Kriminal kemarin, dugaan hipnotis pelajar hingga perampokan di Jakbar
Kriminal kemarin – Jakarta menjadi saksi bisu sejumlah kasus kriminal pada Senin (25/5), mulai dari aksi hipnotis terhadap pelajar hingga kejadian perampokan di Palmerah, Jakarta Barat. Berikut rangkuman laporan terkini:
Perampokan di Palmerah
Polisi menangkap tiga orang pelaku perampokan di kawasan Palmerah, Jakbar. Mereka melakukan aksi dengan mengaku sebagai anggota kepolisian.

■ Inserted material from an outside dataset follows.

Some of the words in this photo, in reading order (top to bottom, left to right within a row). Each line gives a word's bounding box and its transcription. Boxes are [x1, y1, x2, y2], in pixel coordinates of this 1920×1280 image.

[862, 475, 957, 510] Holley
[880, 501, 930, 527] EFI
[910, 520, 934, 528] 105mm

“Kami berhasil mengamankan tiga pelaku yang menggunakan modus mengaku sebagai Polri untuk menipu korban,” kata petugas.
Kasus hipnotis di Tambora
Dua pria berinisial AS dan AP ditangkap atas dugaan menghipnotis siswa di Tambora, Jakbar. Keduanya diduga menipu korban untuk mencuri barang berharga.

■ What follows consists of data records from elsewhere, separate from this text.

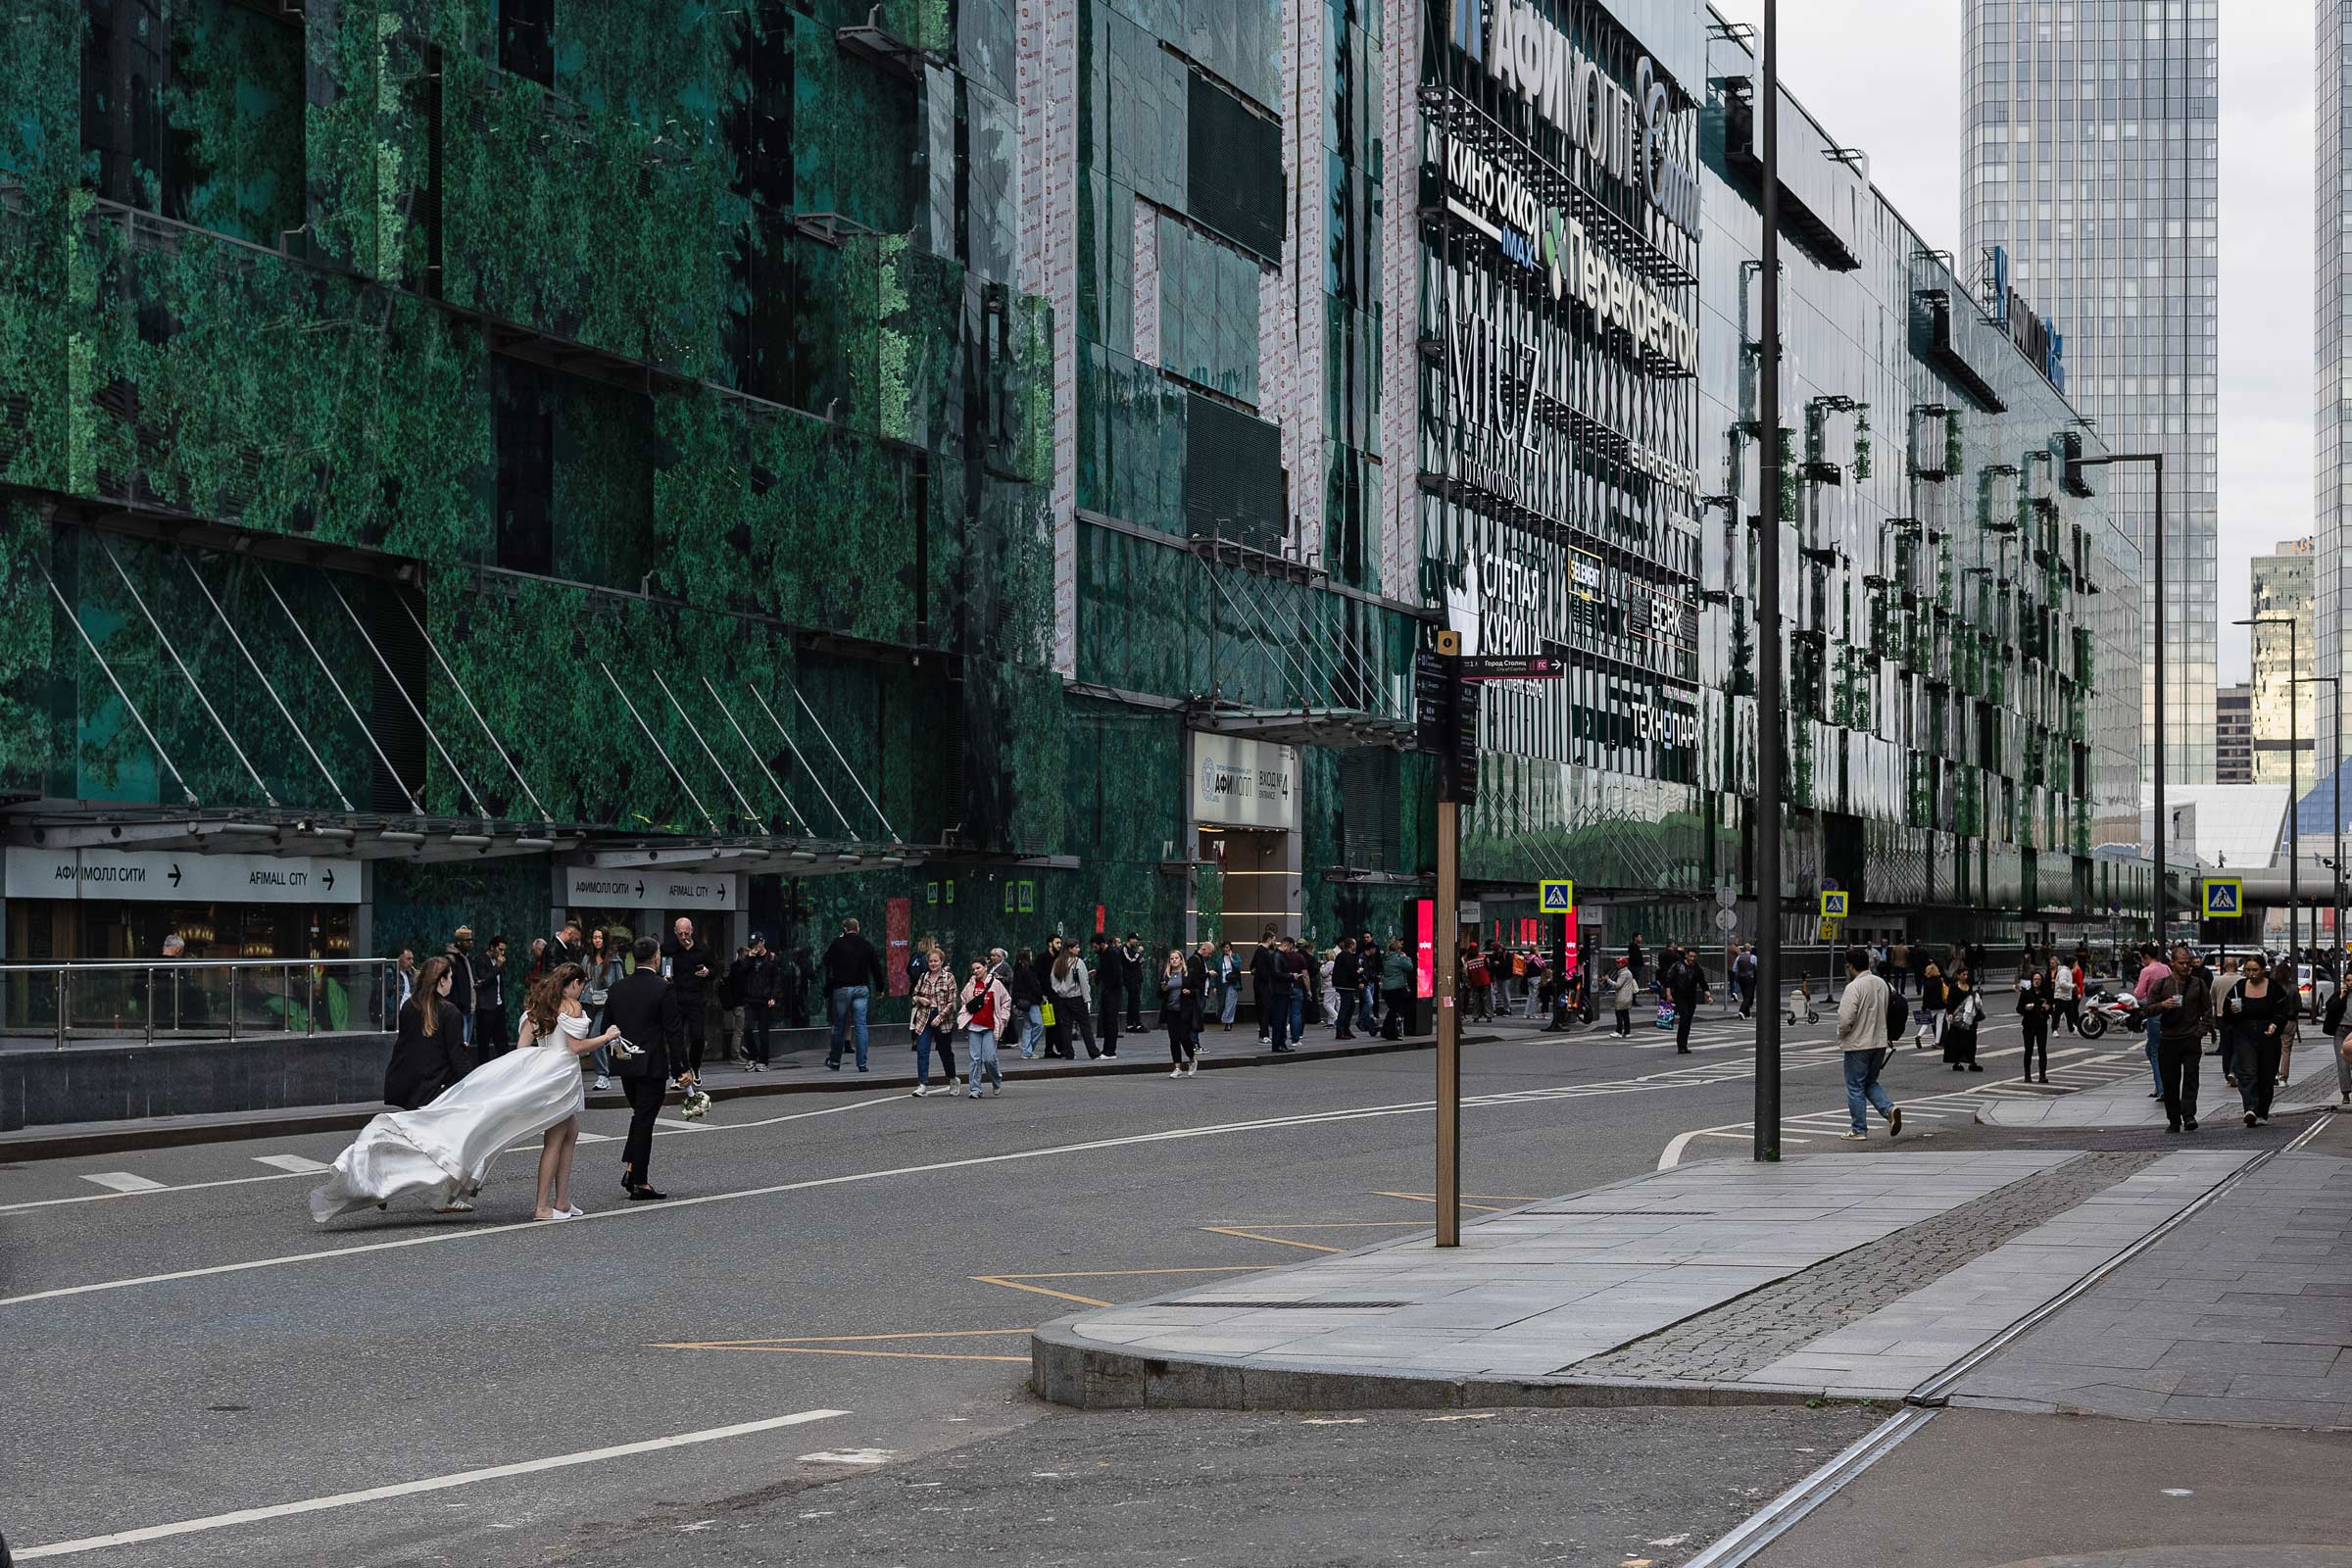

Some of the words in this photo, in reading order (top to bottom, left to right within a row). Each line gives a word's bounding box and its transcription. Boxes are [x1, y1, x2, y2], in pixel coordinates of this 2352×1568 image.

[1489, 0, 1633, 187] АФИМОЛЛ
[1447, 133, 1494, 207] КИНО
[1502, 224, 1534, 272] IMAX
[1568, 218, 1699, 378] Перекрёсток
[1464, 453, 1520, 503] DIAMONDS
[1628, 441, 1692, 495] EUROSPAR
[1483, 552, 1540, 612] СЛЕПАЯ
[1484, 610, 1542, 656] КУРИЦА
[1485, 660, 1503, 668] Город
[1631, 701, 1701, 751] ТЕХНОПАРК
[1215, 773, 1252, 797] АФИМОЛЛ
[1259, 770, 1276, 790] ВХОД
[1282, 773, 1289, 801] 4
[55, 865, 117, 882] АФИМОЛЛ
[119, 867, 146, 882] СИТИ
[249, 871, 285, 886] AFIMALL
[289, 872, 308, 886] CITY
[576, 883, 612, 895] АФИМОЛЛ
[612, 884, 630, 895] СИТИ
[669, 885, 695, 896] AFIMALL
[697, 886, 709, 896] CITY

Klarifikasi kecelakaan di Tambora
Kepolisian menyatakan insiden di Tambora tidak merupakan aksi pembegalan, melainkan kecelakaan lalu lintas. Masyarakat diminta waspada terhadap berita viral di media sosial.

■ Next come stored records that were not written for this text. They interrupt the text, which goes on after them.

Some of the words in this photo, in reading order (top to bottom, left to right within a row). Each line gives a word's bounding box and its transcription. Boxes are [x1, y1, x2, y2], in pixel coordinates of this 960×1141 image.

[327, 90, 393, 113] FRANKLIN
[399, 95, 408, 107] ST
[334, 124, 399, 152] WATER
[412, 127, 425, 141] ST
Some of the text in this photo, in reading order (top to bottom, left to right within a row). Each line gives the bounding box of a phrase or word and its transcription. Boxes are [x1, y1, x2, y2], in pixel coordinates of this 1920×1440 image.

“Unggahan yang menyebut kejadian di depan mall sebagai korban pembegalan adalah tidak benar,” tutur petugas.
Massa diamuk pria di Tangsel
Satu pria berinisial AFE alias Reno (23) ditangkap setelah dibebaskan oleh massa di Tangsel. Ia diduga mabuk dan melakukan tindakan kekerasan terhadap anak.
Kasus curanmor dengan modus peran aktif
Seorang pria berinisial AR (27) ditangkap karena mencuri motor milik majikannya. Pelaku berpura-pura menjadi karyawan warung pecel lele untuk menjalankan aksinya.